Zachary S. Brown, PhD

Former physicist turned data scientist and applied research leader. Currently leading generative AI initiatives for legal research at Thomson Reuters Labs. Specialize in impactful 0-1 ML/AI projects and ML modernization efforts. Deep experience with production generative AI systems, agentic workflows, modern neural architectures for NLP, and building ML systems at scale.


Employment History

Senior Manager, Applied Research | Thomson Reuters Labs

October 2024 — Present

  • Lead team of applied scientists developing and delivering generative AI products for legal research
  • Developed and delivered Thomson Reuters’ first agentic legal research system (Westlaw Advantage Deep Research) from prototype to product in four months - market leading product for legal deep research
  • Manage evaluation process for detailed manual and scalable automatic evaluation of long-form legal research reports and agent trajectories
  • Grew team from two to nine in one year to accommodate rapid evolution in ML and GenAI products

NLP Machine Learning Lead | Kensho (S&P Global)

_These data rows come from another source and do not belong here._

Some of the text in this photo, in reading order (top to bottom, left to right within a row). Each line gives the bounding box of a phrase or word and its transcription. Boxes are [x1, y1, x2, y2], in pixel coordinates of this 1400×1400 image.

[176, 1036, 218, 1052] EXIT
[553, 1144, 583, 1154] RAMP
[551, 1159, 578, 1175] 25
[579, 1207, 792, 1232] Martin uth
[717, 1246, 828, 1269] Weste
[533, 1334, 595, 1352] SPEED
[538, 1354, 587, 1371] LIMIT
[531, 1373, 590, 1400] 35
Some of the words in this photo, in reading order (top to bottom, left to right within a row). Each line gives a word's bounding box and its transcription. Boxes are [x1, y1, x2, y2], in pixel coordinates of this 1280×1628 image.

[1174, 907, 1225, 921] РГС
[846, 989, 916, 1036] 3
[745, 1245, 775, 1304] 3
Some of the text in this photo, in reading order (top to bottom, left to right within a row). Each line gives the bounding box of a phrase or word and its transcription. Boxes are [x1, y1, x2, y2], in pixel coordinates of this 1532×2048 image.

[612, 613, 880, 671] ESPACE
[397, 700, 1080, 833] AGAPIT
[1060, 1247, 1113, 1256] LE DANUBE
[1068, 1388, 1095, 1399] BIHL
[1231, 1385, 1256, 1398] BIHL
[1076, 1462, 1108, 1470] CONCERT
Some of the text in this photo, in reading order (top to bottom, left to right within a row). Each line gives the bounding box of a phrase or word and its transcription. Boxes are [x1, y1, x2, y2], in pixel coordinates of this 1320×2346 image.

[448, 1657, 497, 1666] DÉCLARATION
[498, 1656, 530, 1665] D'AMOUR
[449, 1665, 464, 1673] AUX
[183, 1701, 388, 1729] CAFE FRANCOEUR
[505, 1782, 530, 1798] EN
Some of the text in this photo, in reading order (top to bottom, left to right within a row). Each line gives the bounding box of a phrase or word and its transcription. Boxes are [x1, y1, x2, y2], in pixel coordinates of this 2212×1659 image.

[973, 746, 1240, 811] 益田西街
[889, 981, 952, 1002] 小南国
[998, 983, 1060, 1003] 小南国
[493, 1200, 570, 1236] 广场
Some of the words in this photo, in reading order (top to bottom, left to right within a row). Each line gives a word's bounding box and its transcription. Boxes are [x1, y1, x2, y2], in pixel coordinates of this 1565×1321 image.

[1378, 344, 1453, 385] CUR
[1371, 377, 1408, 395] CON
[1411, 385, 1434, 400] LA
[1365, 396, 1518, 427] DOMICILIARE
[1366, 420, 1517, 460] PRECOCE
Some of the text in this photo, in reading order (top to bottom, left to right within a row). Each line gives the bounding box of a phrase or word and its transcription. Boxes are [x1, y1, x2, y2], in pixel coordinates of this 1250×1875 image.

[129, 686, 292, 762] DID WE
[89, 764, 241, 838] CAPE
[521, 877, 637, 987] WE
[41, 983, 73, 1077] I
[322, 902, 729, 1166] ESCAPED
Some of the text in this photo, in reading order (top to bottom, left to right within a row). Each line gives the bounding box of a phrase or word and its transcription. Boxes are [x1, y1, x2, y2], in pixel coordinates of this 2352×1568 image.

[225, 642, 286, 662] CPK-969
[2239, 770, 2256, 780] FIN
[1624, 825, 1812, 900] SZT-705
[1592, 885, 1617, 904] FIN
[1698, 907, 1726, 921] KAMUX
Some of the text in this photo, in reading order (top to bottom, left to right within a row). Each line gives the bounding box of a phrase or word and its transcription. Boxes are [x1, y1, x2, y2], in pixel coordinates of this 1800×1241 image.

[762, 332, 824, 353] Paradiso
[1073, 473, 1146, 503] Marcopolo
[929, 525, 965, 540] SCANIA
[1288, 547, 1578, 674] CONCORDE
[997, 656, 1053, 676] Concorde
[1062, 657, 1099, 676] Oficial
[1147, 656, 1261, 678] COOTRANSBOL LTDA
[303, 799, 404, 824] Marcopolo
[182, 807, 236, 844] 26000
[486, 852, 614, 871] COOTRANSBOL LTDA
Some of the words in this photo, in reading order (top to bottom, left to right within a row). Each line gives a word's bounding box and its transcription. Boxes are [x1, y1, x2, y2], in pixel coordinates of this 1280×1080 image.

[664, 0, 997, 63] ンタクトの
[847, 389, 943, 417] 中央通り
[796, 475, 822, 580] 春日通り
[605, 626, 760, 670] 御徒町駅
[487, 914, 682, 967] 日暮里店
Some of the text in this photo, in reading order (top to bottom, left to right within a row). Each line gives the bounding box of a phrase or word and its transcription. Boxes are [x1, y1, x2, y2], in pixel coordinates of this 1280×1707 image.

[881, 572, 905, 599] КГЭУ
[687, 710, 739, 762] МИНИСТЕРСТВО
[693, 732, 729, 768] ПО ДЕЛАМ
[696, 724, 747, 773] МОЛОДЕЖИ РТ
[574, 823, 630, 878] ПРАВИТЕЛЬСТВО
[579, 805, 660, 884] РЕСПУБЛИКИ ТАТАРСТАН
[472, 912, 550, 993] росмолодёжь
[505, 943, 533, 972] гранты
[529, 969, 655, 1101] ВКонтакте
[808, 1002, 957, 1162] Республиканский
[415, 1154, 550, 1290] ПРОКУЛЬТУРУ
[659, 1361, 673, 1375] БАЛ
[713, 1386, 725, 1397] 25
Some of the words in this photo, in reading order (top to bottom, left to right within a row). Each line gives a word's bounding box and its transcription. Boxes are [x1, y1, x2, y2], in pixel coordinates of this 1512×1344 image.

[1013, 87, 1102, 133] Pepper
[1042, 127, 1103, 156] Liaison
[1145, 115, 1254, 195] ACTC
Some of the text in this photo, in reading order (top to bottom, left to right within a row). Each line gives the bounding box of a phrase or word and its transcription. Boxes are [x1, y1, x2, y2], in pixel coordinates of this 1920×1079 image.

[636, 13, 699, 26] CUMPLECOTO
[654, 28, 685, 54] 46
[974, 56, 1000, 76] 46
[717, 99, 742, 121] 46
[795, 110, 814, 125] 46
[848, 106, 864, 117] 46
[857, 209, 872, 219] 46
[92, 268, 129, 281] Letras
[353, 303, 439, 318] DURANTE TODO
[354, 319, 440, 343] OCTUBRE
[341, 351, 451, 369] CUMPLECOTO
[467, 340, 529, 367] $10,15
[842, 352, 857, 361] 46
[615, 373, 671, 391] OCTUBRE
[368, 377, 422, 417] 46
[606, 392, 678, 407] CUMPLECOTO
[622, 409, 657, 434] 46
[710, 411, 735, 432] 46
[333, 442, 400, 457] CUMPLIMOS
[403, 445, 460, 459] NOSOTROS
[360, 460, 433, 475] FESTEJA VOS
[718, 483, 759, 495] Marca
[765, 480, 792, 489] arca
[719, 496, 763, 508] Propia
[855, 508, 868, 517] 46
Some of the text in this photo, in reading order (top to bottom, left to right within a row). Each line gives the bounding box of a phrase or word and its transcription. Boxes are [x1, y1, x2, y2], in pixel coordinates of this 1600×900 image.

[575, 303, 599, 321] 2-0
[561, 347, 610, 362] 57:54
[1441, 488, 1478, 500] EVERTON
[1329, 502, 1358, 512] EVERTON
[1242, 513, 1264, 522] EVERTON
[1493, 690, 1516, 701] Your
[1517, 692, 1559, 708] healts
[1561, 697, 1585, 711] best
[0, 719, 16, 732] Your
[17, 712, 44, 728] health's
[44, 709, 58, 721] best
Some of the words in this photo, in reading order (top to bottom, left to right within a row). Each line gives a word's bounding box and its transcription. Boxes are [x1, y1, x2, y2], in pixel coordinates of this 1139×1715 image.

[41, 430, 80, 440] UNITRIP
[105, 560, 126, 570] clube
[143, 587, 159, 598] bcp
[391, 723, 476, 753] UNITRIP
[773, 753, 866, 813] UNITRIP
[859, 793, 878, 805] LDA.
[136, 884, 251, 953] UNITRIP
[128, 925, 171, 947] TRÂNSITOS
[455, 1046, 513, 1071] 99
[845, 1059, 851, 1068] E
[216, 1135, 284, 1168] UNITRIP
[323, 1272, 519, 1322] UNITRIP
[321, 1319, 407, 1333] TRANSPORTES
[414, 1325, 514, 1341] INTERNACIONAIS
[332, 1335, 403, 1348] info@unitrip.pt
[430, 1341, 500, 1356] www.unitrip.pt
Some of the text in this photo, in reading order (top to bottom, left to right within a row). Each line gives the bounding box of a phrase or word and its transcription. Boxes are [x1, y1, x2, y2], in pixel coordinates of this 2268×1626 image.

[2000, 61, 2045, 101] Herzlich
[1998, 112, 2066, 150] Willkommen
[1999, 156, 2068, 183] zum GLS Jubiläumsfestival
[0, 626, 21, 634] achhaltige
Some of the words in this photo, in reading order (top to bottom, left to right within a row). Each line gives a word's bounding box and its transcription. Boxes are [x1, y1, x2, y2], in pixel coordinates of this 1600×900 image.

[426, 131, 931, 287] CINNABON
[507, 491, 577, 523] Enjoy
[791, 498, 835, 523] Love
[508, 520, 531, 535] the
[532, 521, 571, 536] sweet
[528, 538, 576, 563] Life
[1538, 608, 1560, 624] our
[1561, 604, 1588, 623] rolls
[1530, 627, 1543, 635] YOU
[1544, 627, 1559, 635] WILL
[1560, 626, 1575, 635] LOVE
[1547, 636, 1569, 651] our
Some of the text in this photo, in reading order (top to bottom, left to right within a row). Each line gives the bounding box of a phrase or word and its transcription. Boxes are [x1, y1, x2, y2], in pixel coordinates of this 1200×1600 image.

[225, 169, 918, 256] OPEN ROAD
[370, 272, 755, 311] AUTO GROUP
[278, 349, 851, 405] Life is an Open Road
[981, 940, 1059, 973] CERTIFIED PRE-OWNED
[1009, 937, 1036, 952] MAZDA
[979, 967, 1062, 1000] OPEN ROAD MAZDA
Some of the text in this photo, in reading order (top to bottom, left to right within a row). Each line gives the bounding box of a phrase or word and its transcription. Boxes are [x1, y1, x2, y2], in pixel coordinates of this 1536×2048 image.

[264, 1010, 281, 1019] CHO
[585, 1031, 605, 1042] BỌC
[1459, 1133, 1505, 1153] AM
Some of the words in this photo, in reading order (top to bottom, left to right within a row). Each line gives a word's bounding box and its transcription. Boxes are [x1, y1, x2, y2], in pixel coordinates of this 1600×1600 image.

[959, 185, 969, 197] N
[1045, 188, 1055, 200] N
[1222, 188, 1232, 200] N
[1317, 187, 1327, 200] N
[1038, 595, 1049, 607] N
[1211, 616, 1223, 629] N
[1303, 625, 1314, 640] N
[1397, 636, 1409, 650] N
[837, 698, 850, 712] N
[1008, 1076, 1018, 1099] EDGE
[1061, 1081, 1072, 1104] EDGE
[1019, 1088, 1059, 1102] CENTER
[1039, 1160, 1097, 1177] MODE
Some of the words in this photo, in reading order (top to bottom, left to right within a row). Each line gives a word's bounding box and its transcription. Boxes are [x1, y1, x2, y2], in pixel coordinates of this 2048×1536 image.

December 2022 — September 2024

  • Applied research leadership for Kensho and S&P Global NLP products
  • Led development and delivery of S&P’s first generative AI solution to market (ChatIQ)
  • Architected production ML pipelines for financial document analysis and summarization
  • Established best practices for LLM development and evaluation frameworks

Speech & Language Processing Team Lead | Balto.ai

August 2021 — December 2022

  • Machine learning group lead for real-time NLP and speech processing systems
  • Led full migration of legacy speech and language processing model stack
  • Built and deployed systems for real-time transcription, intent detection, and agent assist features
  • Scaled systems to handle millions of customer interactions

NLP Research Engineer | Capital One

January 2020 — August 2021

  • Machine learning development and deployment for conversational AI and human dialogue systems
  • Developed and delivered modern architecture update for core entity recognition model for C1 Eno product
  • Modernized chatbot stack with transformer-based models

Data Science Practice Lead | Snagajob

July 2019 — January 2020

  • Definition and execution of enterprise data science strategy for information retrieval and recommendations

Lead Data Scientist | S&P Global Market Intelligence

November 2017 — July 2019

  • Data science team lead for document enrichment and information extraction pipelines
  • Optimized content enrichment pipeline systems

Lead Data Scientist | Unitedhealth Group

November 2016 — November 2017

Data Scientist | Snagajob

January 2016 — November 2016

Data Science Curriculum Developer | Cloudera

July 2015 — January 2016

Principal Analyst/Engineer | Capital One

February 2014 — July 2015


Projects

Impactful 0-1 ML/AI Projects

Westlaw Advantage Deep ResearchThomson Reuters Labs2024

First agentic legal research system deployed to market. Multi-agent RAG architecture for complex query decomposition and comprehensive legal research. Production deployment serving thousands of legal professionals. Built and launched in four months from prototype to product.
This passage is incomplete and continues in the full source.